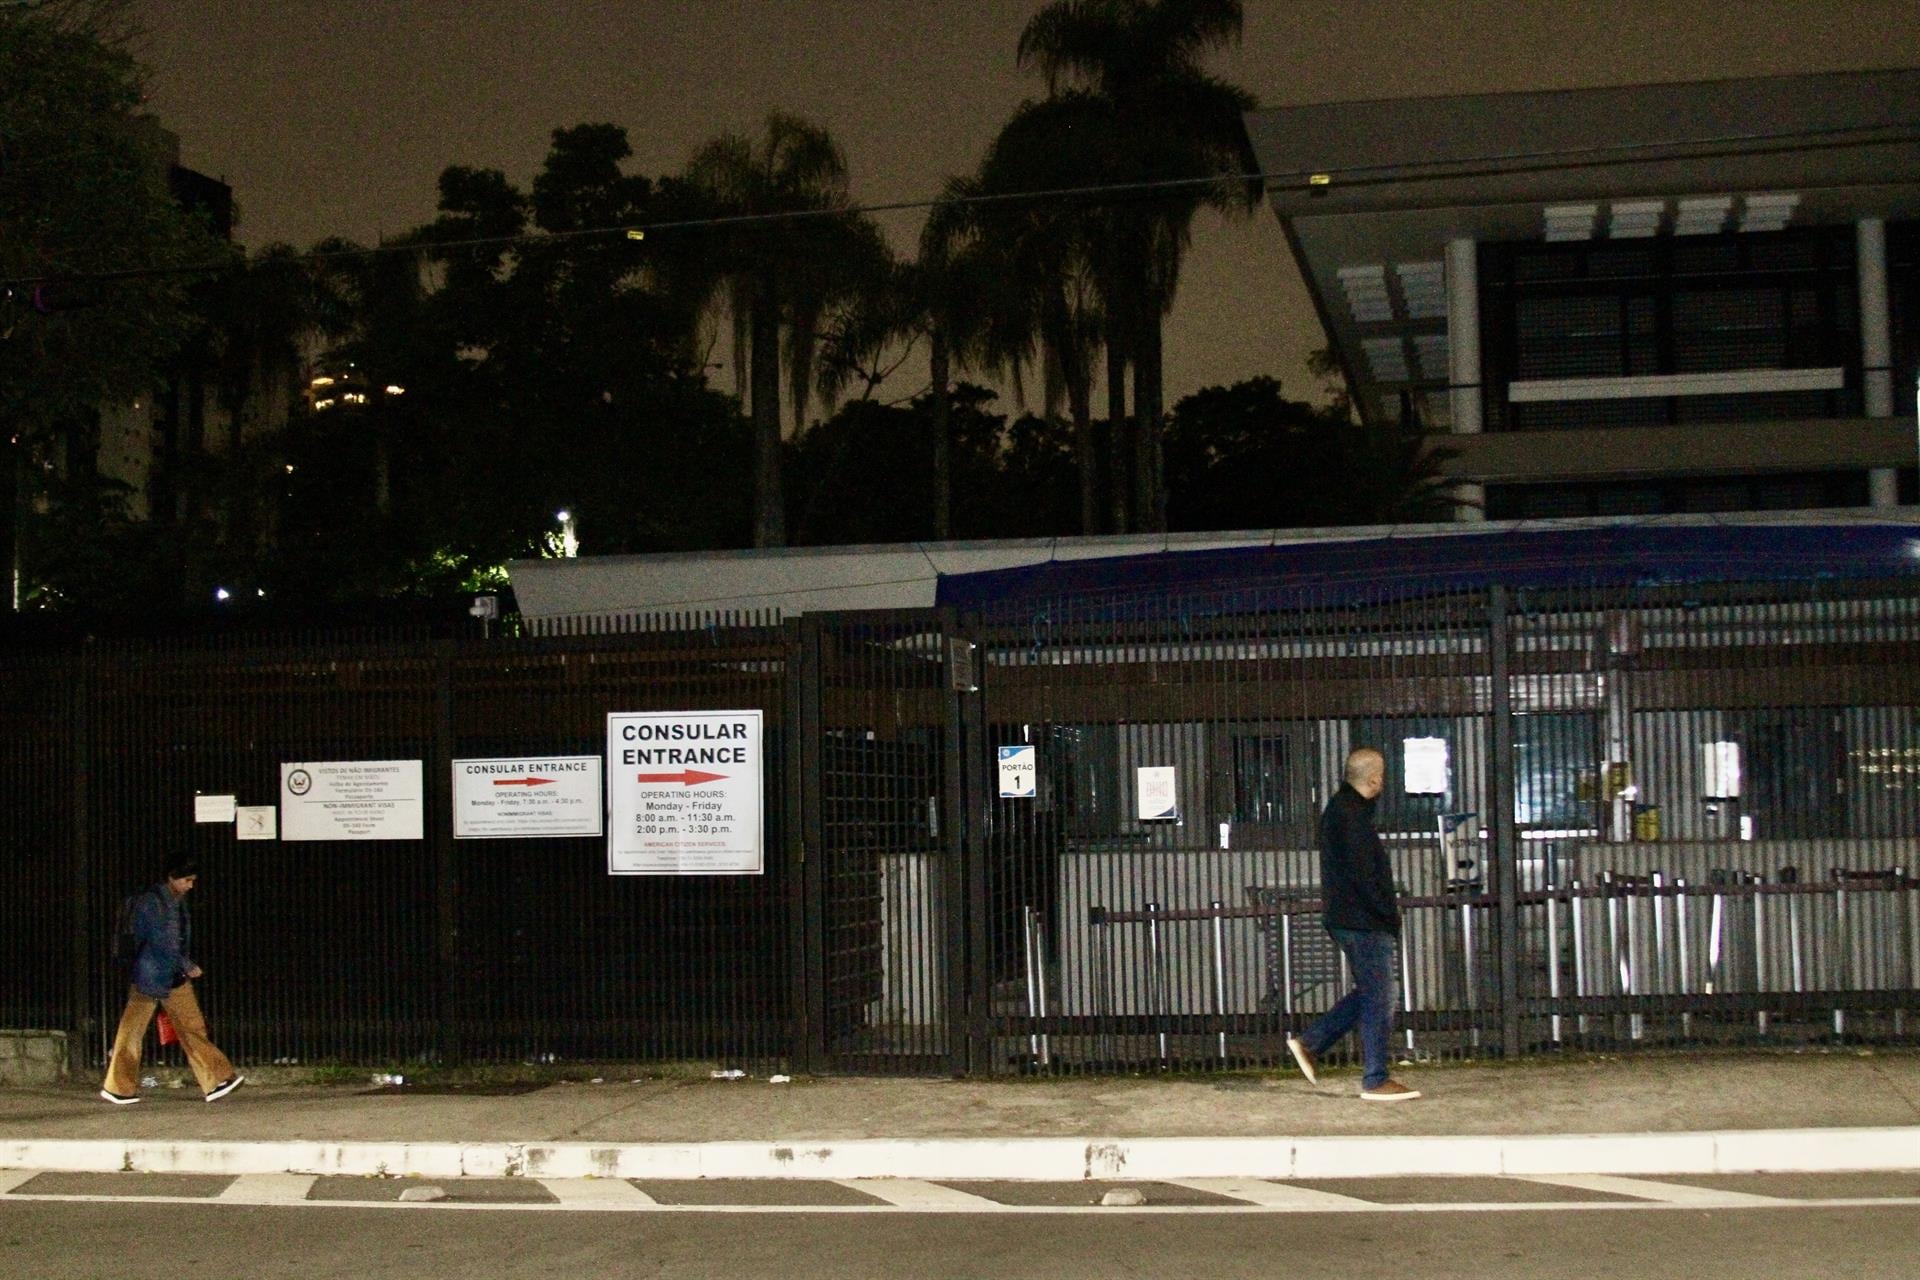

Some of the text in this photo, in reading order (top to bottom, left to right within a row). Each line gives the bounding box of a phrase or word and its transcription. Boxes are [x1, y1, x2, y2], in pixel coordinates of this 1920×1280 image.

[622, 723, 748, 741] CONSULAR
[623, 747, 746, 765] ENTRANCE
[466, 762, 588, 774] CONSULAR ENTRANCE
[1002, 762, 1033, 771] PORTÃO
[1014, 775, 1020, 789] 1
[640, 790, 727, 799] OPERATING HOURS:
[646, 802, 683, 812] Monday
[692, 801, 722, 812] Friday
[636, 813, 656, 822] 8:00
[687, 813, 712, 822] 11:30
[636, 825, 657, 834] 2:00
[659, 827, 680, 835] p.m.
[688, 825, 709, 833] 3:30
[711, 826, 732, 835] p.m.
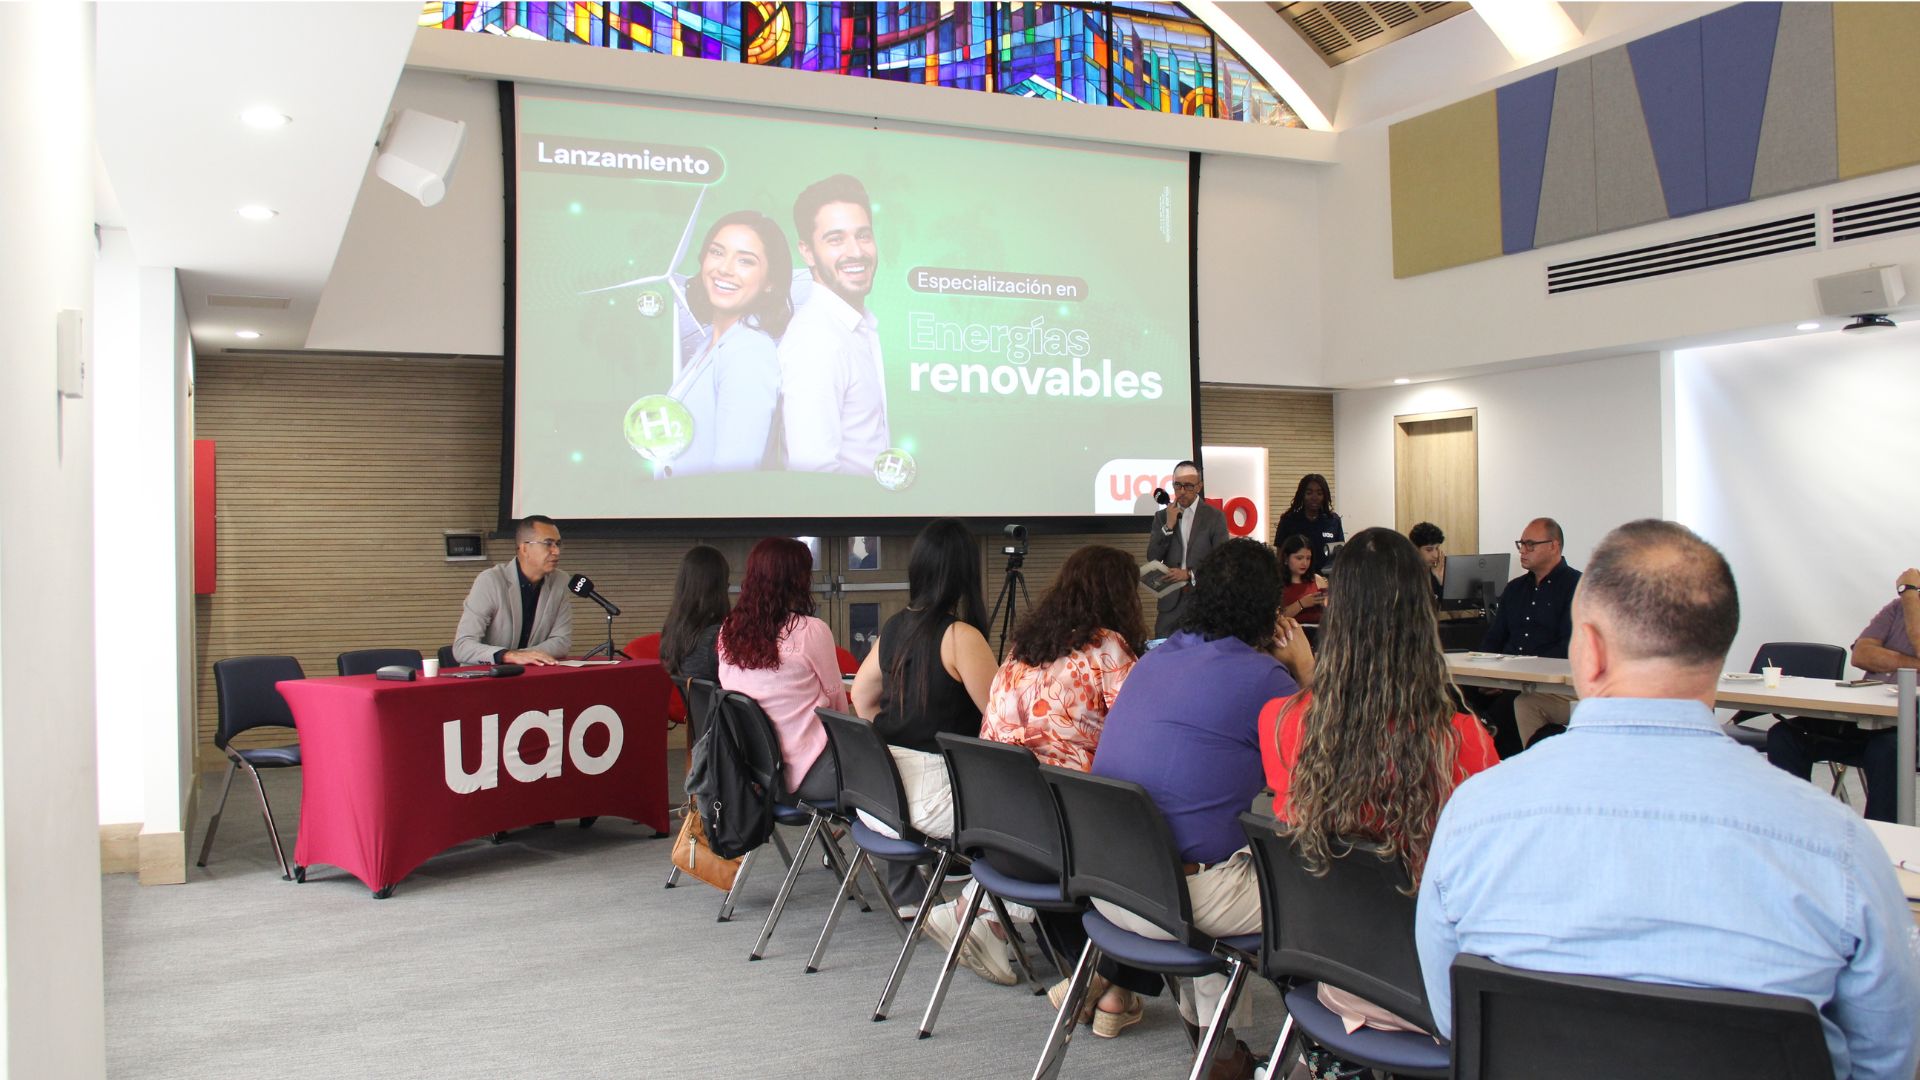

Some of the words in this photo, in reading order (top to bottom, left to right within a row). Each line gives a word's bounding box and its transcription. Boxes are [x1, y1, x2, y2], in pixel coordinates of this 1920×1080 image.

[538, 141, 710, 175] Lanzamiento
[918, 272, 1052, 296] Especialización
[1056, 282, 1077, 297] en
[908, 311, 1090, 365] Energías
[910, 358, 1163, 400] renovables
[574, 577, 586, 593] uao
[443, 704, 625, 795] uao
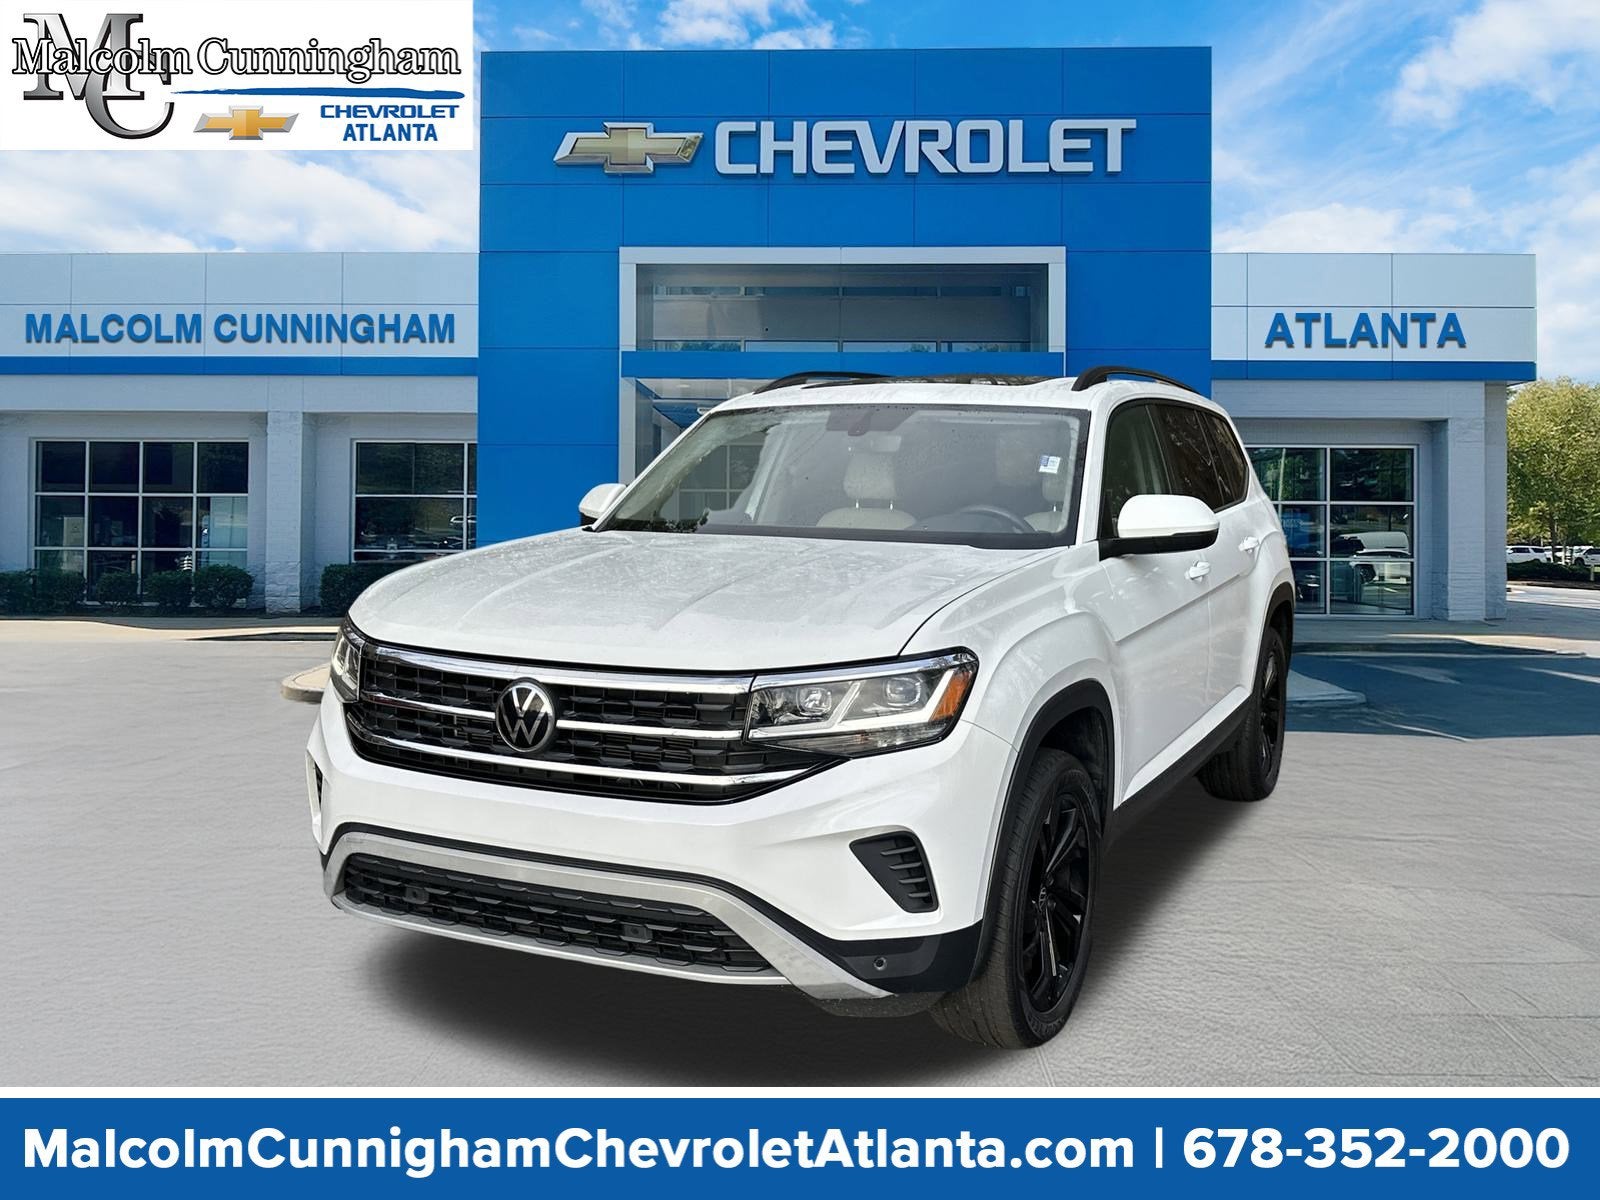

☆ ☆ ☆

- _Activity_
Nothing but the lines from the line containing "Some of the words" through the last line of the records above is to be extracted, exactly and with no pictures.

- _Result of the task_
Some of the words in this photo, in reading order (top to bottom, left to right within a row). Each line gives a word's bounding box and its transcription. Boxes are [x1, y1, x2, y2], in pixel coordinates of this 1920×1080 image.

[538, 141, 710, 175] Lanzamiento
[918, 272, 1052, 296] Especialización
[1056, 282, 1077, 297] en
[908, 311, 1090, 365] Energías
[910, 358, 1163, 400] renovables
[574, 577, 586, 593] uao
[443, 704, 625, 795] uao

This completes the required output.